来源:天善智能-商业智能和大数据在线社区,用心创造价值https://edu.hellobi.com/course/159/play/lesson/2531

丘祐玮https://ask.hellobi.com/people/DavidChiu人人都爱数据科学家!Python数据科学精华实战课程

环境:Anaconda3

建议使用Anaconda,下载源文件后再阅读本文:https://github.com/zhangslob/DanmuFenxi

选择经典演讲稿,奥巴马2009年9月8日开学演讲。。https://wenku.baidu.com/view/ad77bc1caf45b307e8719758.html

THE PRESIDENT:

Hello, everybody! Thank you. Thank you. Thank you, everybody. All right, everybody go ahead and have a seat. How is everybody doing today? (Applause.) How about Tim Spicer? (Applause.) I am here with students at Wakefield High School in Arlington, Virginia. And we’ve got students tuning in from all across America, from kindergarten through 12th grade. And I am just so glad that all could join us today. And I want to thank Wakefield for being such an outstanding host. Give yourselves a big round of applause. (Applause.)

1、World Count(Version 1)

把数据命名为speech_text,首先需要对英文进行分词。英文中主要是空格,使用split()函数

# coding: utf-8

# In[1]:

speech_text='''#长文本使用'''..'''
THE PRESIDENT:

 Hello, everybody! Thank you. Thank you. Thank you, everybody. All right, everybody go ahead and have a seat. How is everybody doing today? (Applause.) How about Tim Spicer? (Applause.) I am here with students at Wakefield High School in Arlington, Virginia. And we've got students tuning in from all across America, from kindergarten through 12th grade. And I am just so glad that all could join us today. And I want to thank Wakefield for being such an outstanding host.
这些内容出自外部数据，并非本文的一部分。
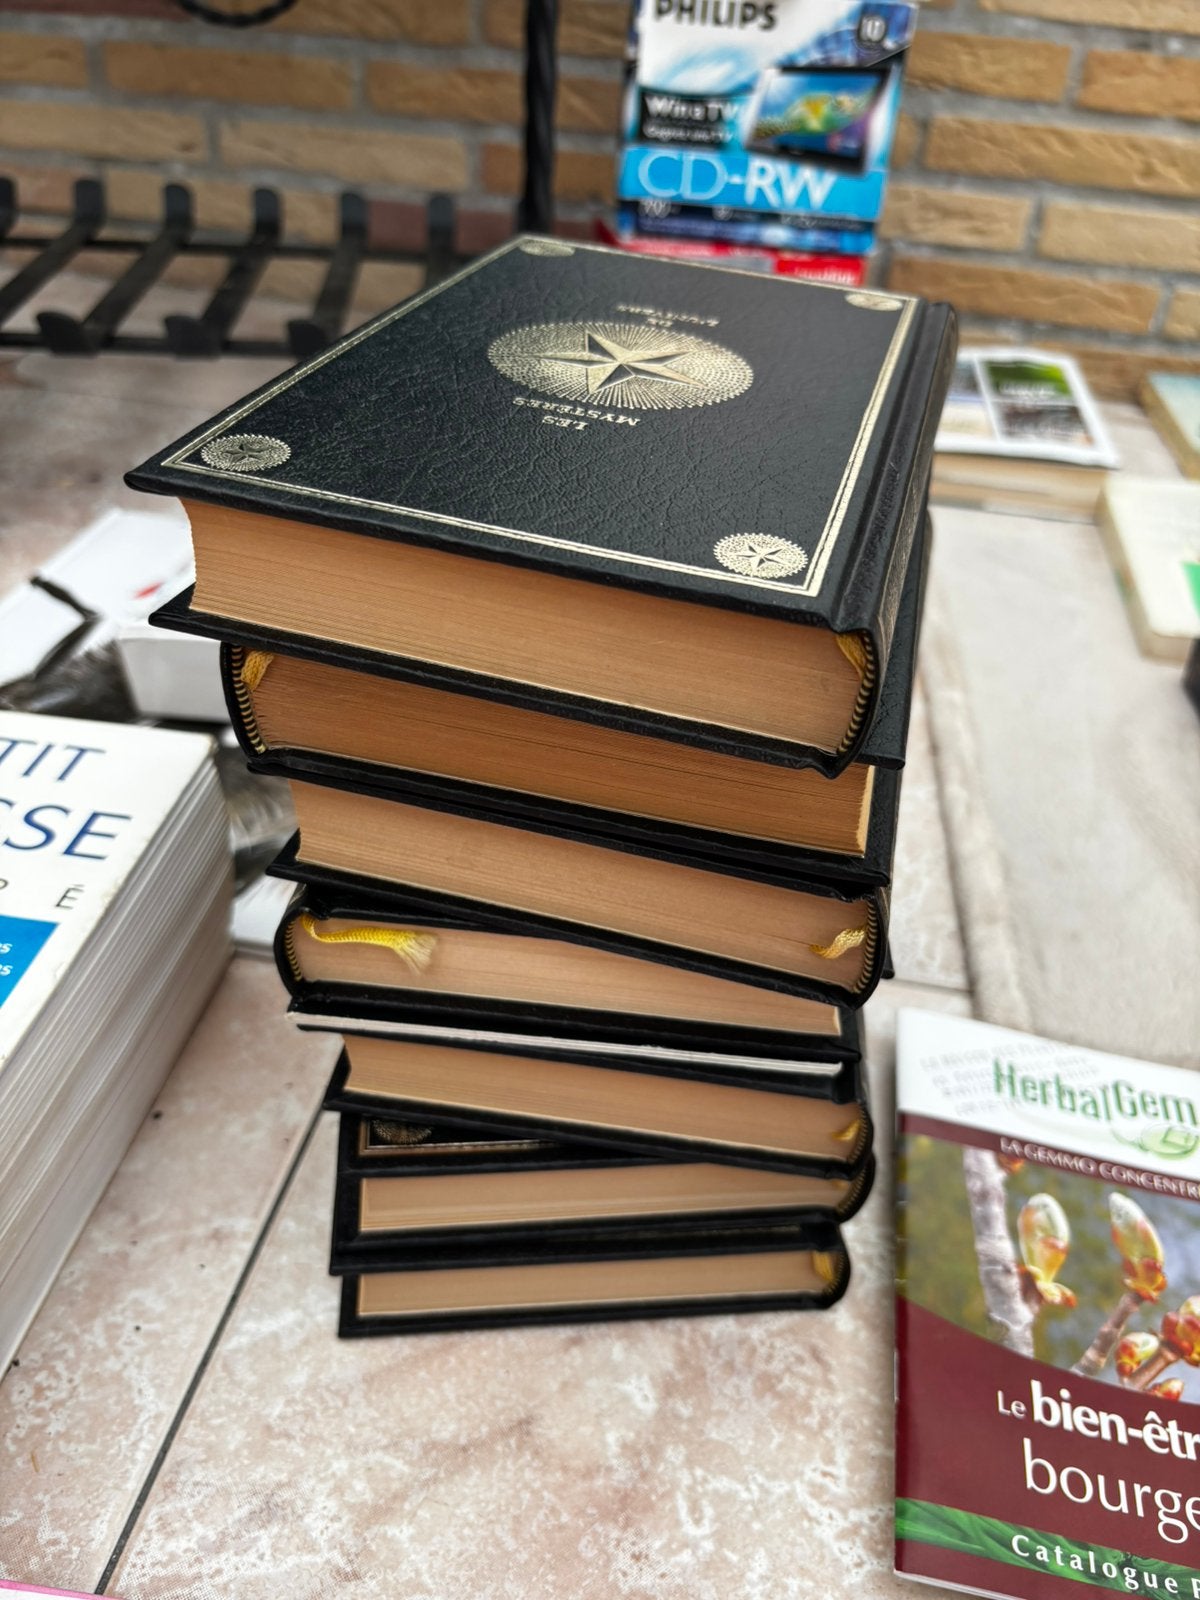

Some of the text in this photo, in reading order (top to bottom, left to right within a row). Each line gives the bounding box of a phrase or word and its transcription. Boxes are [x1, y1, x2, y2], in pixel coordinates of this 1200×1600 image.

Give yourselves a big round of applause. (Applause.)
 ...#省略文字
'''
# In[2]:

speech=speech_text.split()


# In[3]:

speech

下一步,计算speech中词语出现的次数

# In[4]:

dic={}
for word in speech:
    if word not in dic:
        dic[word] = 1
    else:
        dic[word] = dic[word] + 1


# In[5]:

dic

通过 items() 函数以列表返回可遍历的(键, 值) 元组数组。

下一步,对词语进行排序

# In[7]:

import operator
swd=sorted(dic.items(),key=operator.itemgetter(1),reverse=True)#从大到小排序


# In[9]:

swd

发现其中“to”、“the”等单词是常见词,借用nltk我们可以把这些词语去掉

from nltk.corpus import stopwords
stop_words = stopwords.words('English')

虽说Anaconda已经安装了NLTK,但是我自己操作时stopwords貌似没有,出错请参考https://www.douban.com/note/534906136/

看看英文中的去停词,下一步,遍历,打印出不含有去停词

for k,v in swd2:
    if k not in stop_words:
        print(k,v)

发现出现了很多“–”,回去原文中观察,发现确实有很多,

那么问题来了,为什么出现这么多“–”。萌新求解!

2、World Count(Version 2)

from collections import Counter
c=Counter(speech2)

使用Python 的collections模块更简洁,详细见http://www.jb51.net/article/48771.htm

同样可以使用stop_word,还可以使用most_common打印出前几个

for sw in stop_words:
    del c[sw]

3、反思

上一篇文章https://zhuanlan.zhihu.com/p/25983014写的比较粗糙,很多人要求把“观众” “礼物”筛选出来,那我来试试。

stop = ['!','*','观众','礼物',':','?','。',',','~','1']

去停词只有这些、可以根据实际情况添删。

看来观众很喜欢说“xx学院发来贺电~~”